[Dataset entries]
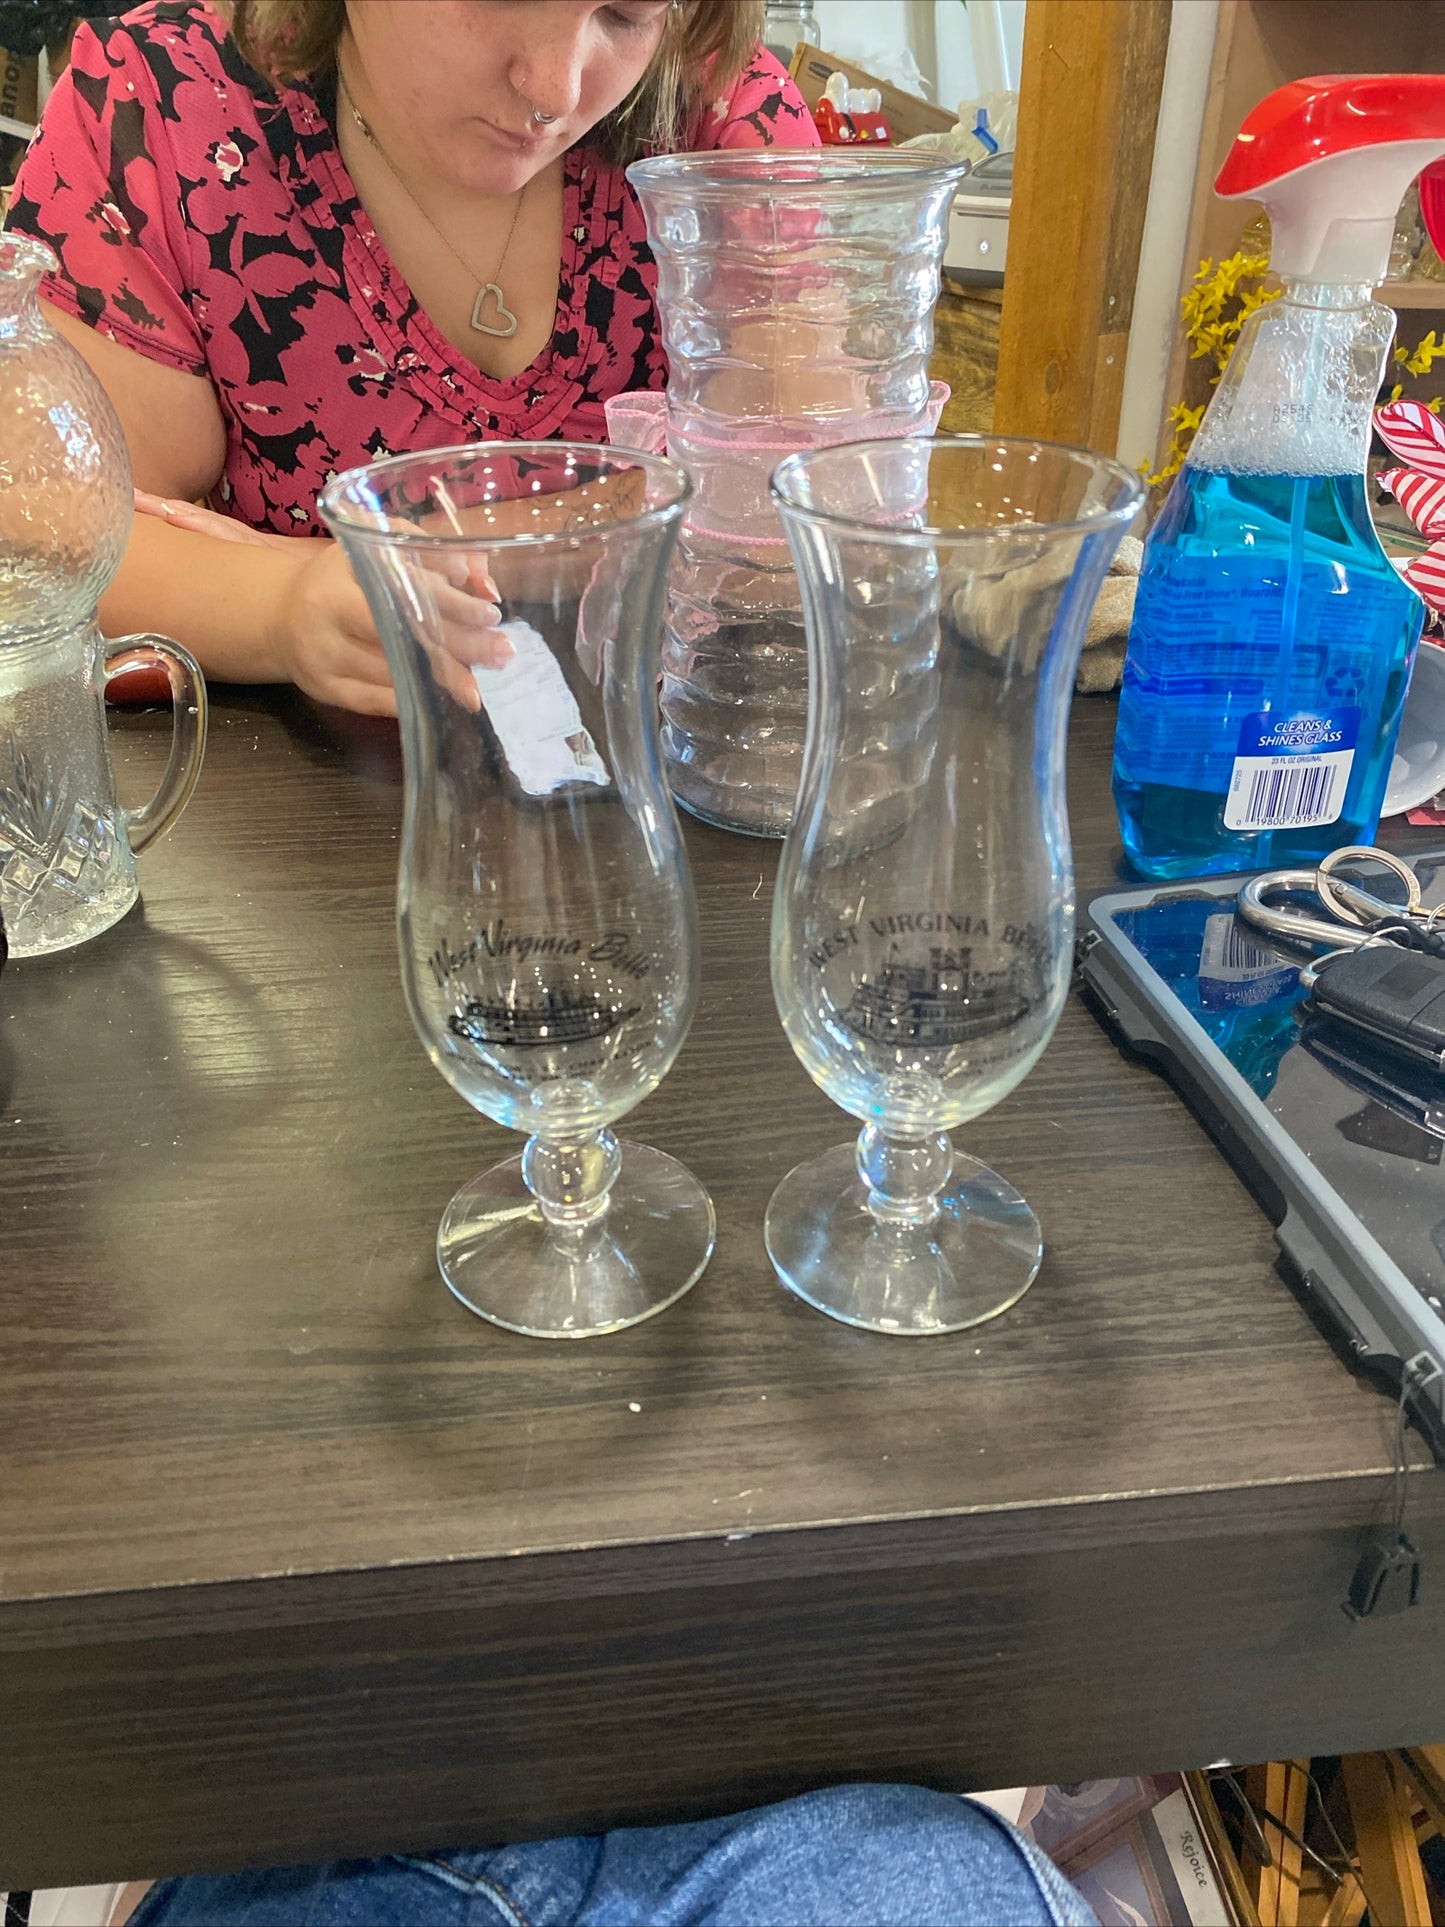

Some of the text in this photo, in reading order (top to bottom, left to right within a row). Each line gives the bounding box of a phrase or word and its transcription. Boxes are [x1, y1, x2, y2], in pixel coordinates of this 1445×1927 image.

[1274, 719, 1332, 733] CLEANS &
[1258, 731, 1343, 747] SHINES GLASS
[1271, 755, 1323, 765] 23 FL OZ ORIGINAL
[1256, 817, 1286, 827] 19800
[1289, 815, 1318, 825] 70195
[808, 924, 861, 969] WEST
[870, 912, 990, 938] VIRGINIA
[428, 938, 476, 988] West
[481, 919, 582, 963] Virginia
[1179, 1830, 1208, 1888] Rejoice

Required action »
Please retype the whole of the data precisely, omitting pictures.

Solution for this task »
Some of the text in this photo, in reading order (top to bottom, left to right within a row). Each line gives the bounding box of a phrase or word and its transcription. Boxes are [x1, y1, x2, y2], in pixel coordinates of this 1445×1927 image.

[1274, 719, 1332, 733] CLEANS &
[1258, 731, 1343, 747] SHINES GLASS
[1271, 755, 1323, 765] 23 FL OZ ORIGINAL
[1256, 817, 1286, 827] 19800
[1289, 815, 1318, 825] 70195
[808, 924, 861, 969] WEST
[870, 912, 990, 938] VIRGINIA
[428, 938, 476, 988] West
[481, 919, 582, 963] Virginia
[1179, 1830, 1208, 1888] Rejoice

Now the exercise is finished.